* **Assignment**
In the records below, the lines from the one with "this 1858×1200 image." through the last are to be printed exactly, and nothing else.

* * * * *

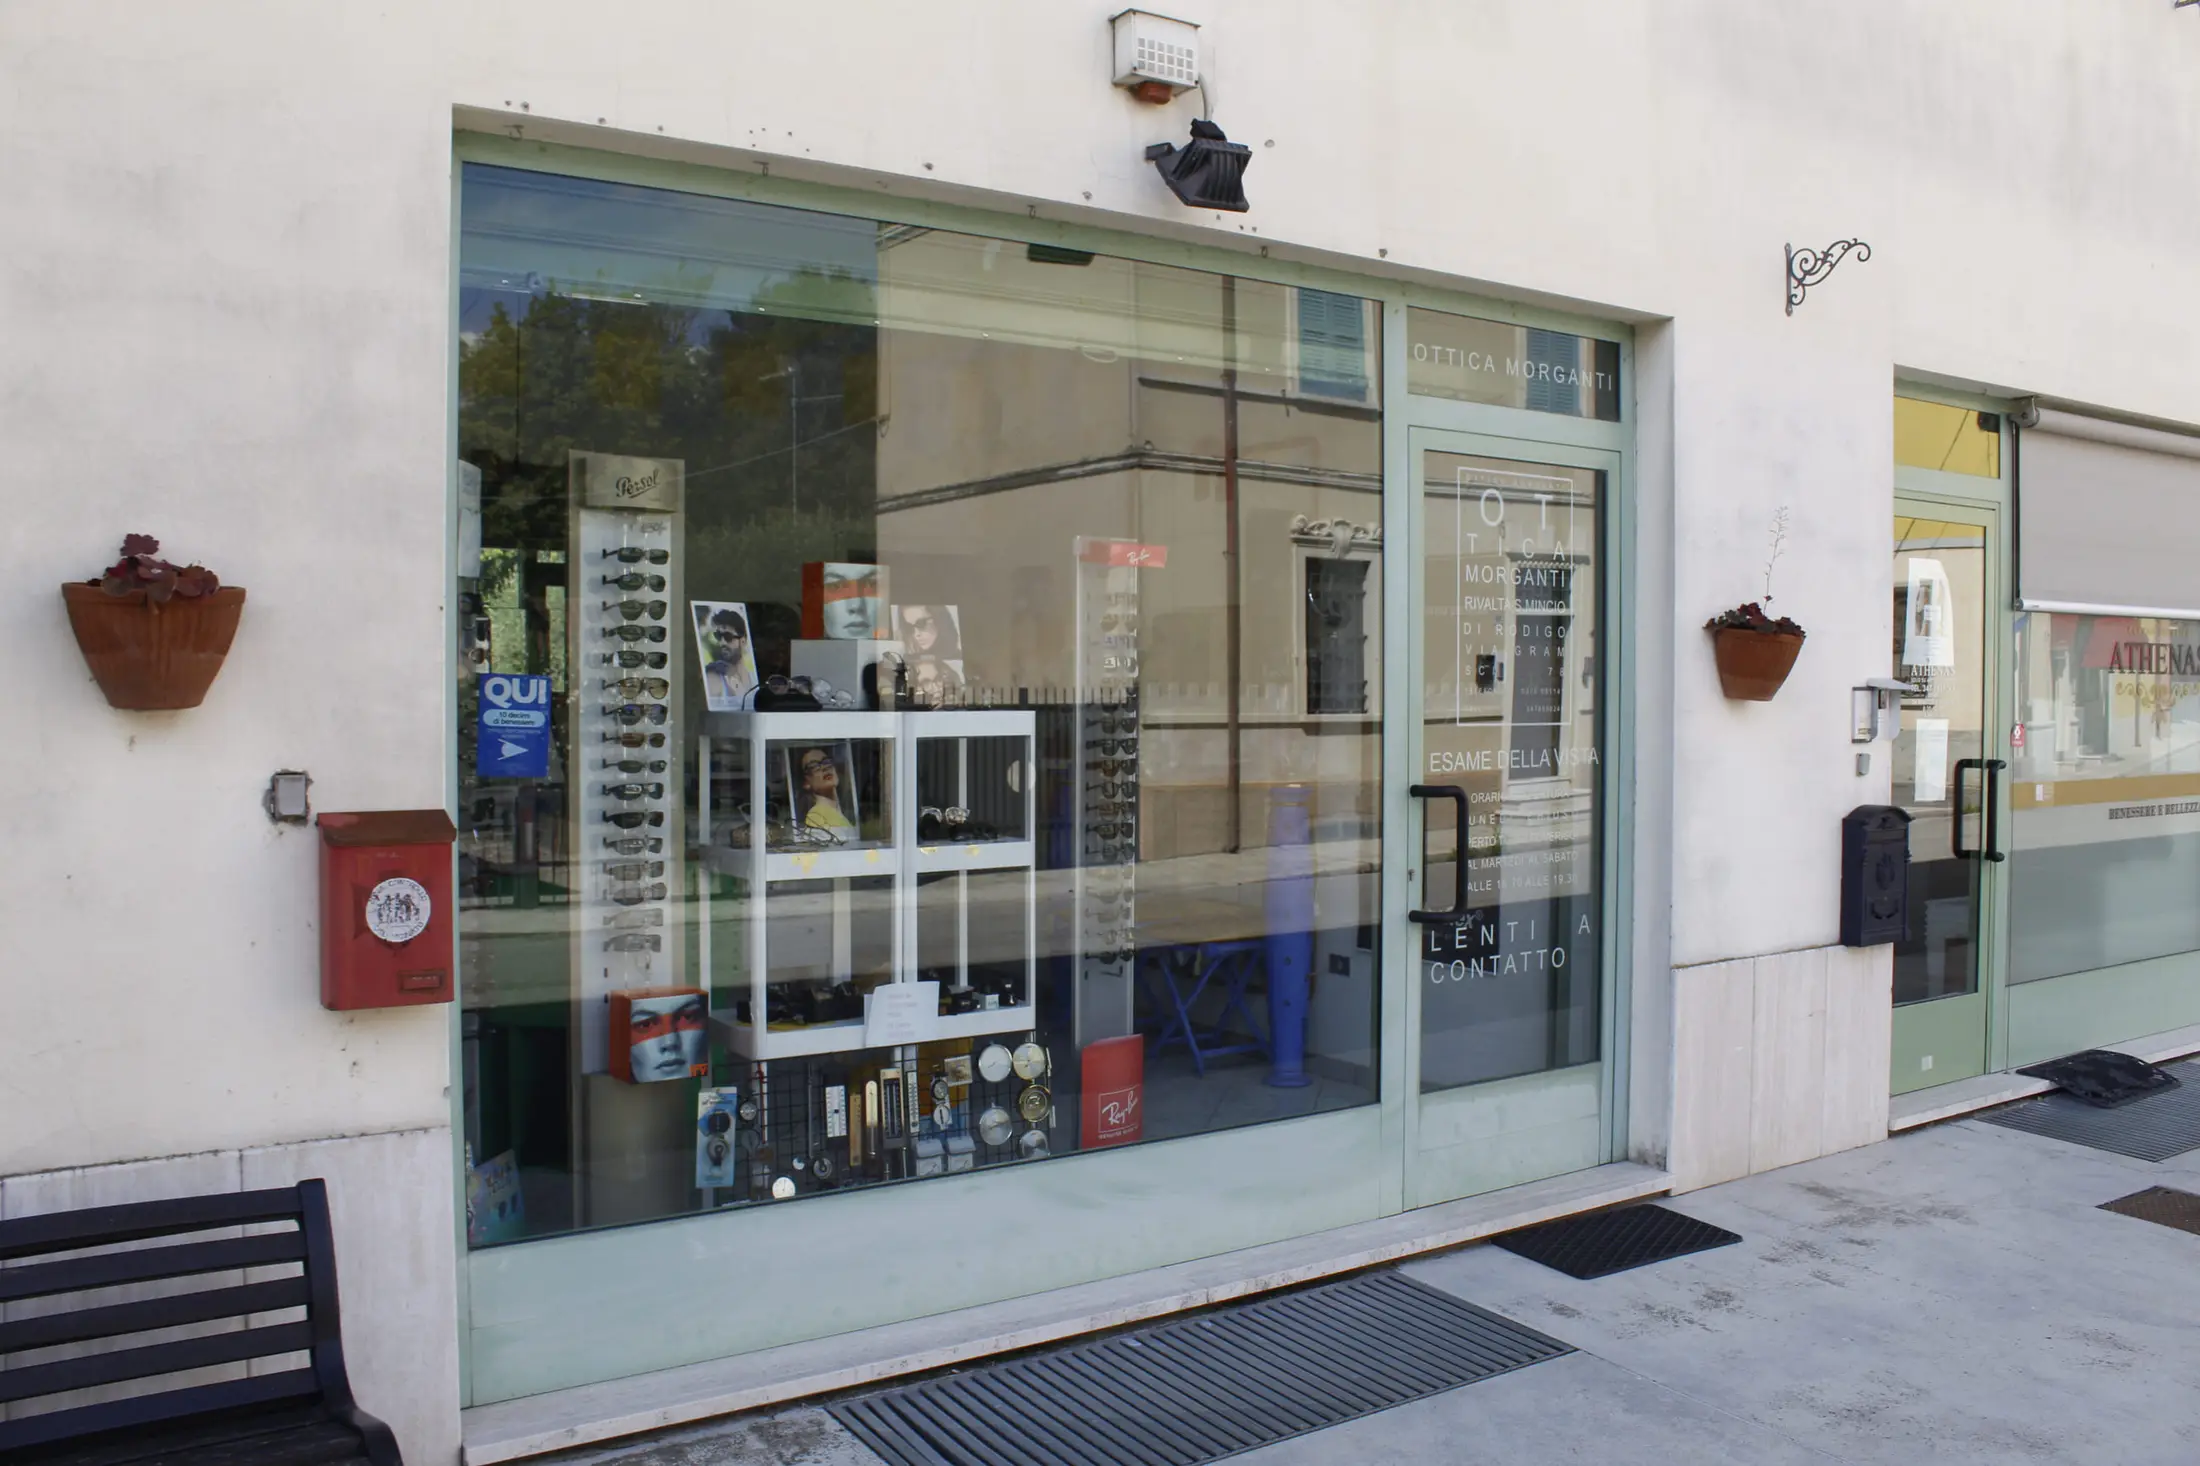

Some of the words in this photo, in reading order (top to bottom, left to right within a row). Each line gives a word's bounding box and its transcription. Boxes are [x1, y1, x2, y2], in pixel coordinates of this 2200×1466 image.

[1413, 343, 1496, 373] OTTICA
[1505, 357, 1613, 391] MORGANTI
[615, 468, 661, 498] Persol
[1465, 564, 1566, 588] MORGANTI
[1464, 595, 1510, 612] RIVALTA
[1463, 622, 1481, 635] DI
[1495, 624, 1566, 638] RODIGO
[1465, 643, 1497, 655] VIA
[484, 677, 547, 708] QUI
[1429, 751, 1492, 773] ESAME
[1498, 749, 1551, 769] DELLA
[1553, 747, 1599, 767] VISTA
[1470, 791, 1505, 804] ORARI
[2108, 805, 2156, 820] BENESSERE
[1543, 850, 1579, 864] SABATO
[1467, 880, 1492, 892] ALLE
[1430, 919, 1535, 952] LENTI
[1578, 914, 1591, 934] A
[1430, 947, 1565, 984] CONTATTO
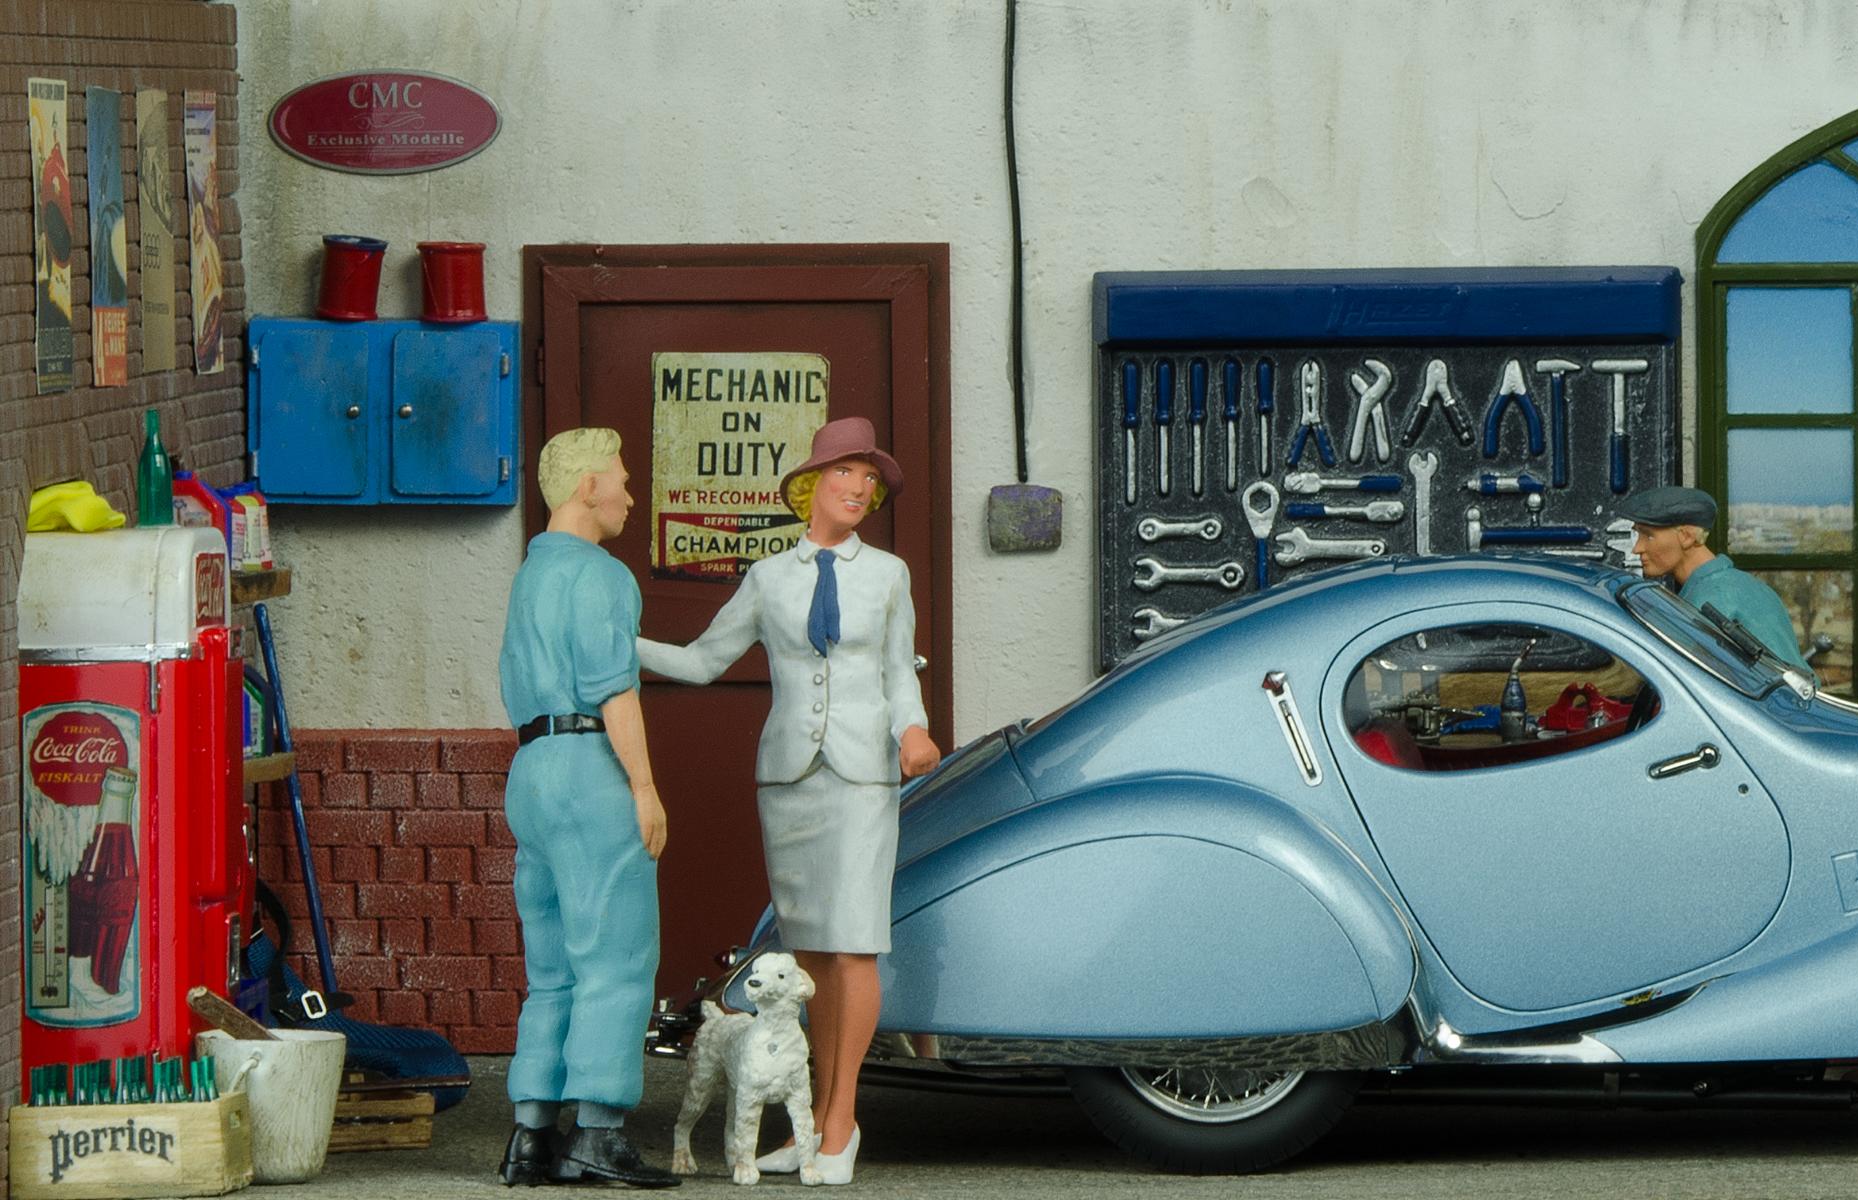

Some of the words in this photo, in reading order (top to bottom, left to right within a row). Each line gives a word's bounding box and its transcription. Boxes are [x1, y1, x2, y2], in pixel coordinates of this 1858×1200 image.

[348, 81, 422, 109] CMC
[307, 133, 385, 146] Exclusive
[391, 133, 465, 145] Modelle
[661, 368, 822, 404] MECHANIC
[722, 412, 761, 432] ON
[697, 442, 786, 477] DUTY
[668, 489, 691, 505] WE
[697, 490, 782, 505] RECOMME
[703, 516, 771, 528] DEPENDABLE
[673, 536, 800, 555] CHAMPION
[700, 562, 734, 573] SPARK
[62, 725, 102, 734] TRINK
[38, 772, 104, 784] EISKALT
[48, 1118, 174, 1184] perrier

* * * * *

* **Answer box**
Some of the words in this photo, in reading order (top to bottom, left to right within a row). Each line gives a word's bounding box and its transcription. Boxes are [x1, y1, x2, y2], in pixel coordinates of this 1858×1200 image.

[348, 81, 422, 109] CMC
[307, 133, 385, 146] Exclusive
[391, 133, 465, 145] Modelle
[661, 368, 822, 404] MECHANIC
[722, 412, 761, 432] ON
[697, 442, 786, 477] DUTY
[668, 489, 691, 505] WE
[697, 490, 782, 505] RECOMME
[703, 516, 771, 528] DEPENDABLE
[673, 536, 800, 555] CHAMPION
[700, 562, 734, 573] SPARK
[62, 725, 102, 734] TRINK
[38, 772, 104, 784] EISKALT
[48, 1118, 174, 1184] perrier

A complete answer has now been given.